Task brief: Once the pictures are set aside, copy the records below exactly as they stand.

Exercise input:
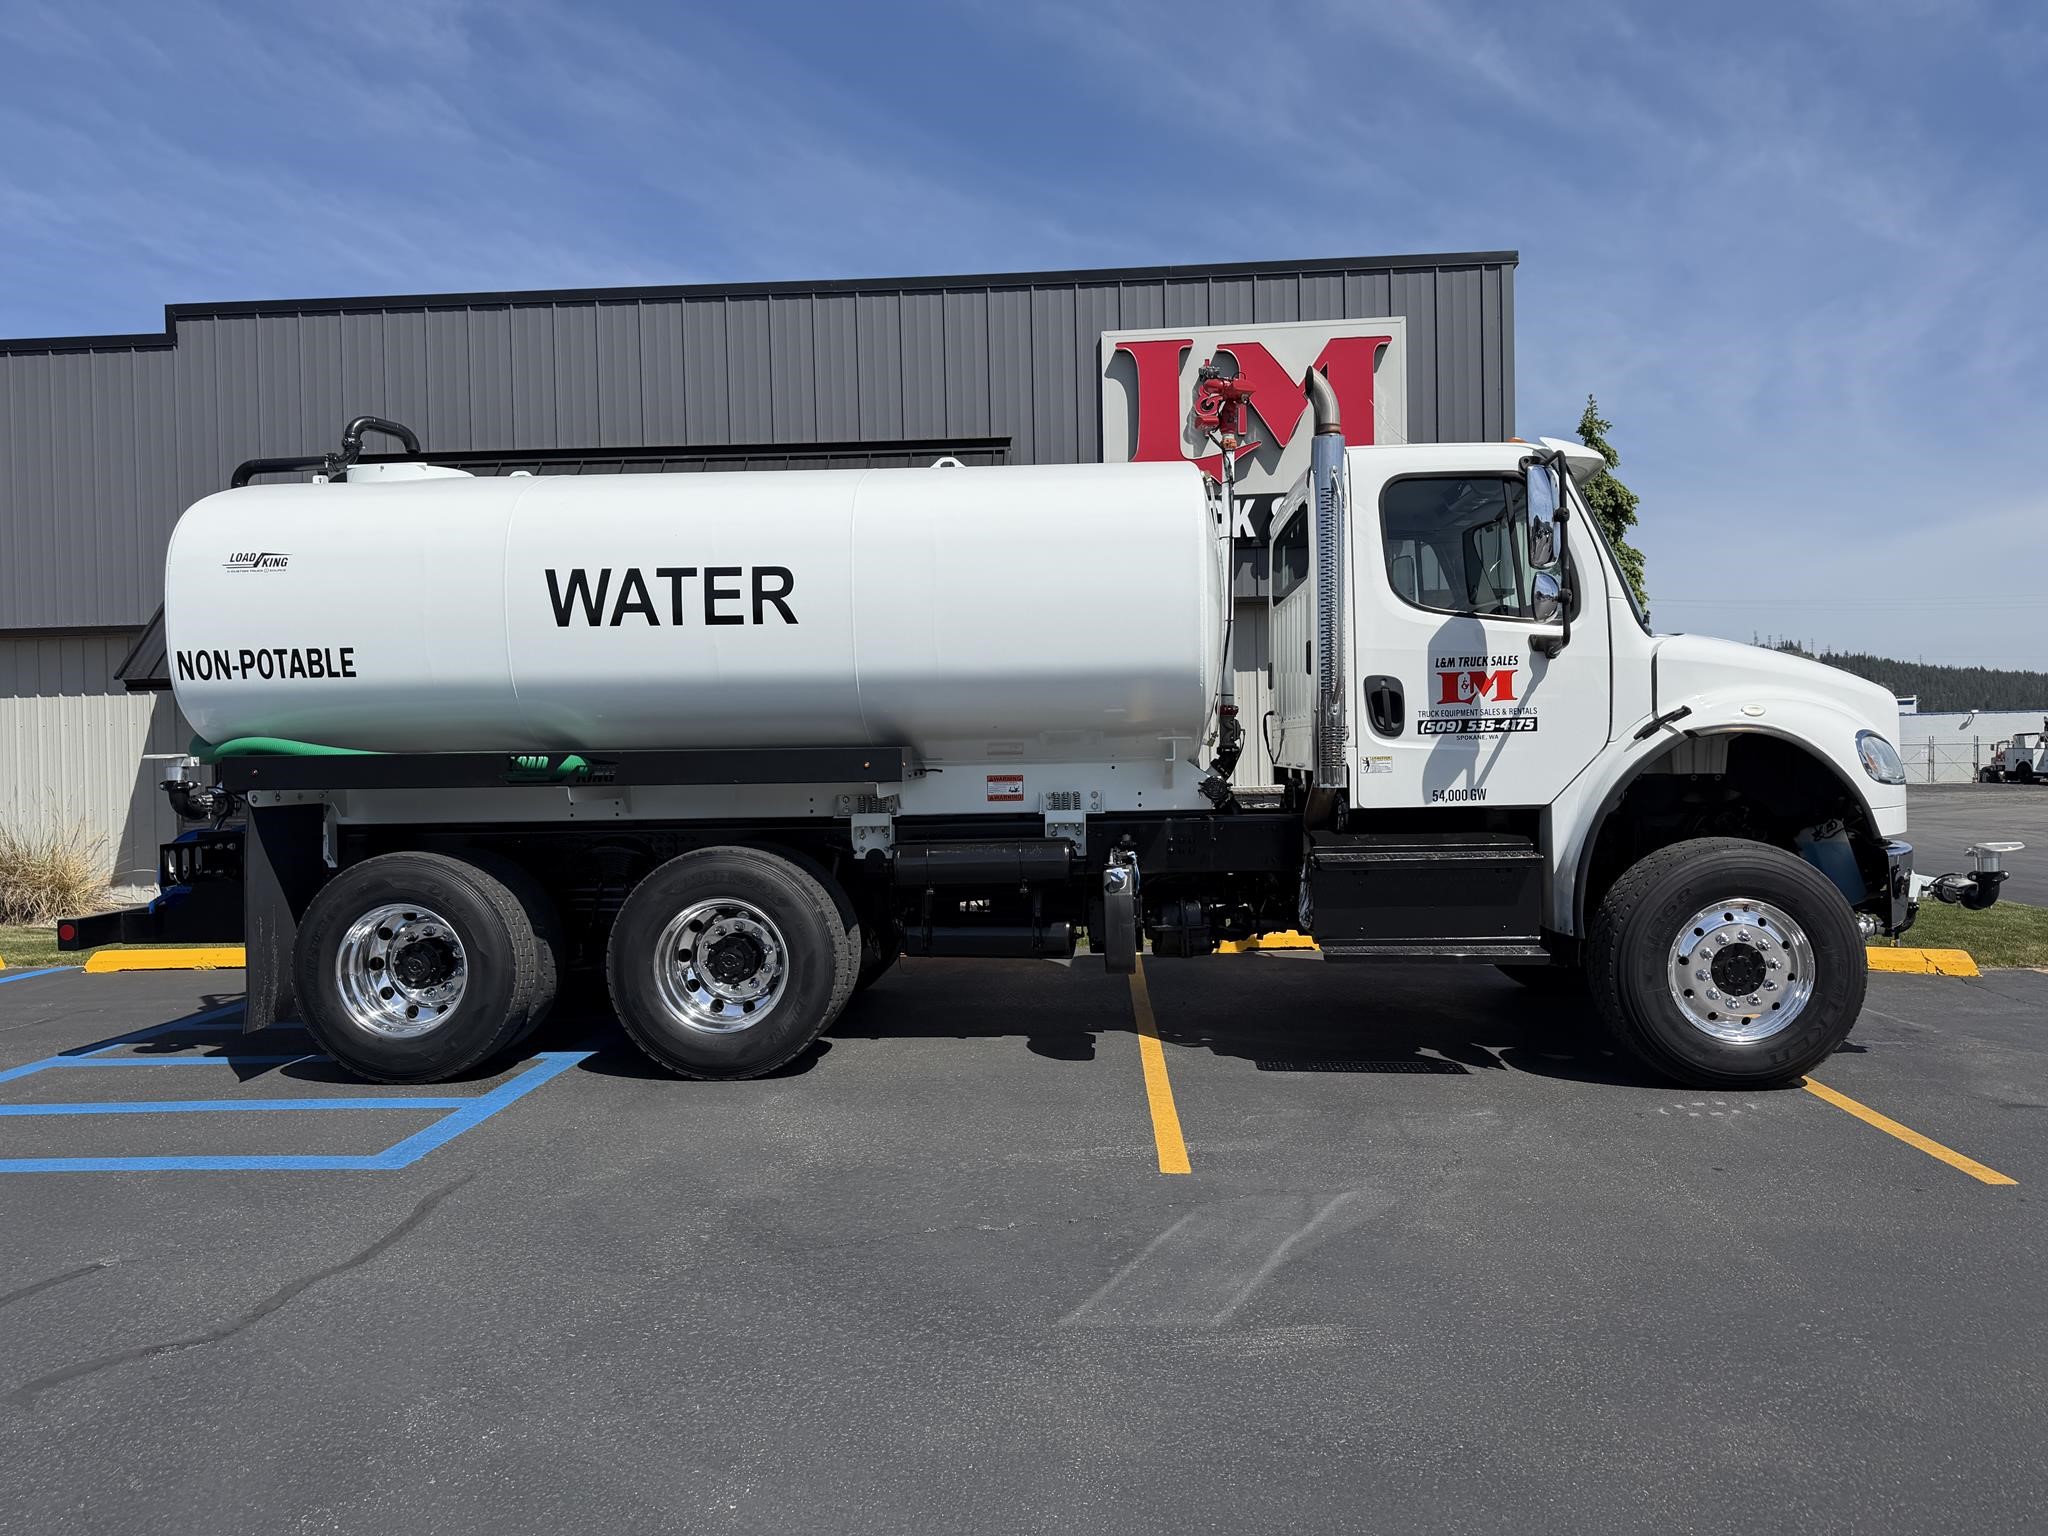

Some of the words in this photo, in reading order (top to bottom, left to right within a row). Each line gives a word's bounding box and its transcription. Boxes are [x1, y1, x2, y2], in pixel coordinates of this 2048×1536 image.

[230, 552, 257, 563] LOAD
[261, 557, 289, 568] KING
[544, 566, 799, 627] WATER
[176, 647, 357, 681] NON-POTABLE
[1435, 657, 1456, 668] L&M
[1459, 656, 1488, 667] TRUCK
[1491, 655, 1519, 666] SALES
[1436, 669, 1519, 705] L&M
[1418, 710, 1440, 718] TRUCK
[1441, 708, 1478, 718] EQUIPMENT
[1480, 708, 1500, 716] SALES
[1509, 707, 1538, 715] RENTALS
[1420, 720, 1463, 734] (509)
[1467, 719, 1535, 732] 535-4175
[1432, 789, 1468, 803] 54,000
[1470, 788, 1487, 801] GW

Result for this exercise:
Some of the words in this photo, in reading order (top to bottom, left to right within a row). Each line gives a word's bounding box and its transcription. Boxes are [x1, y1, x2, y2], in pixel coordinates of this 2048×1536 image.

[230, 552, 257, 563] LOAD
[261, 557, 289, 568] KING
[544, 566, 799, 627] WATER
[176, 647, 357, 681] NON-POTABLE
[1435, 657, 1456, 668] L&M
[1459, 656, 1488, 667] TRUCK
[1491, 655, 1519, 666] SALES
[1436, 669, 1519, 705] L&M
[1418, 710, 1440, 718] TRUCK
[1441, 708, 1478, 718] EQUIPMENT
[1480, 708, 1500, 716] SALES
[1509, 707, 1538, 715] RENTALS
[1420, 720, 1463, 734] (509)
[1467, 719, 1535, 732] 535-4175
[1432, 789, 1468, 803] 54,000
[1470, 788, 1487, 801] GW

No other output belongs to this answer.